N’est-ce pas là pourquoi ma musique vous touche si profondément ? Je crois que vous vous trompez en vous traitant vous-même de réaliste. Si nous définissons le réalisme comme le mépris de tout ce qui est faux et insincère dans la vie et dans l’art, alors sans doute vous êtes réaliste. Mais si l’on considère qu’un véritable réaliste ne chercherait jamais comme vous le faites de consolation dans la musique, alors il devient évident que vous êtes surtout idéaliste. Vous n’êtes réaliste qu’en ce sens que vous n’aimez pas perdre votre temps en songes sentimentaux, communs et creux, comme tant d’autres femmes. Vous n’aimez ni les phrases ni les mots vides, mais cela ne fait pas encore de vous une réaliste. Impossible ! Être réaliste, c’est avoir des vues limitées, une soif de vérité trop rapidement, trop facilement étanchée.
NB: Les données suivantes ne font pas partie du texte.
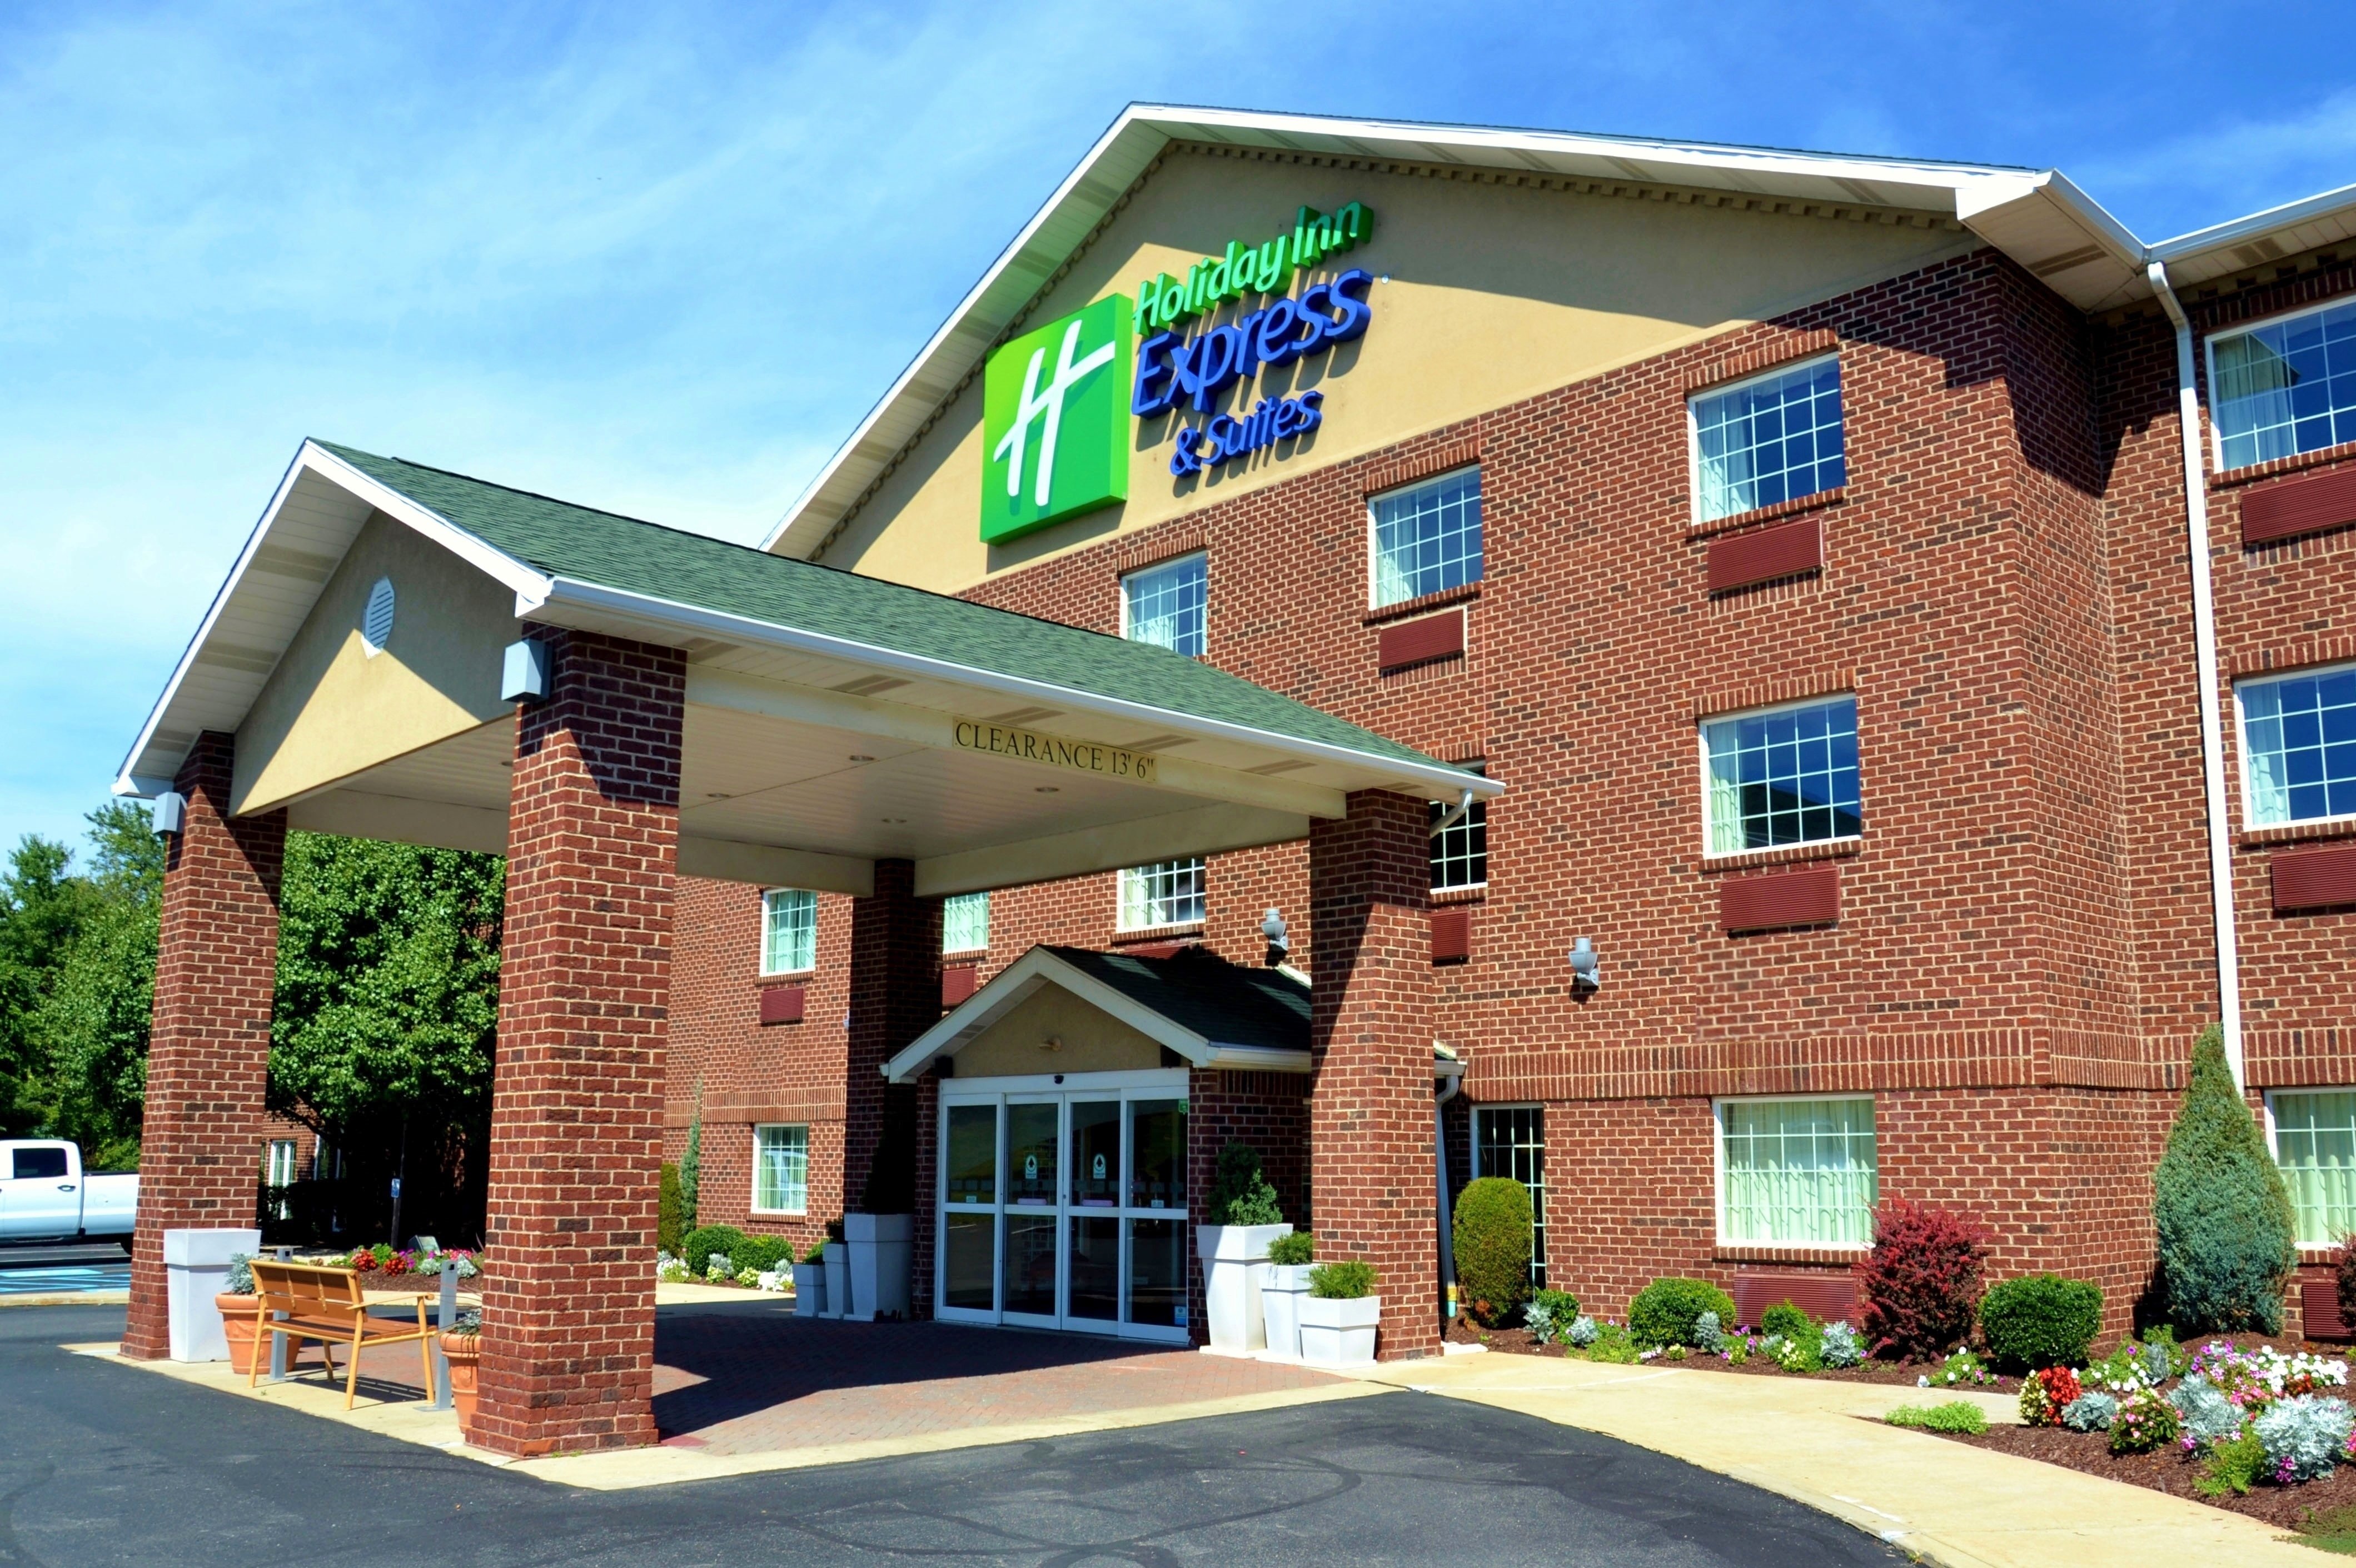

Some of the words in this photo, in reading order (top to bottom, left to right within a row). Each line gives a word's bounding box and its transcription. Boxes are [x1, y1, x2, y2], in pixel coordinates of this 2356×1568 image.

Un réaliste ne désire pas vraiment comprendre les problèmes essentiels de la vie ; il nie même le besoin de rechercher la vérité, et il ne croit pas ceux qui cherchent la réconciliation, la religion, la philosophie, l’art. Les arts, la musique surtout, n’existent pas pour le réaliste, parce qu’ils apportent des réponses à des questions que son intelligence étroite est incapable de poser. C’est pourquoi je pense que vous avez tort de déclarer que vous vous êtes enrôlée sous la bannière du réalisme. Vous dites que la musique ne produit rien en vous qu’une sensation agréable, purement phynique. Je m’élève vivement là contre. Vous vous trompez vous-même. Vraiment, n’aimez-vous pas la musique autrement que je n’aime une bouteille de vin ou un concombre mariné ? Non, vous aimez la musique comme elle doit être aimée : c’est-à-dire que vous vous donnez à elle de toute votre âme, et que vous la laissez exercer ses charmes magiques, tout inconscients, sur votre esprit.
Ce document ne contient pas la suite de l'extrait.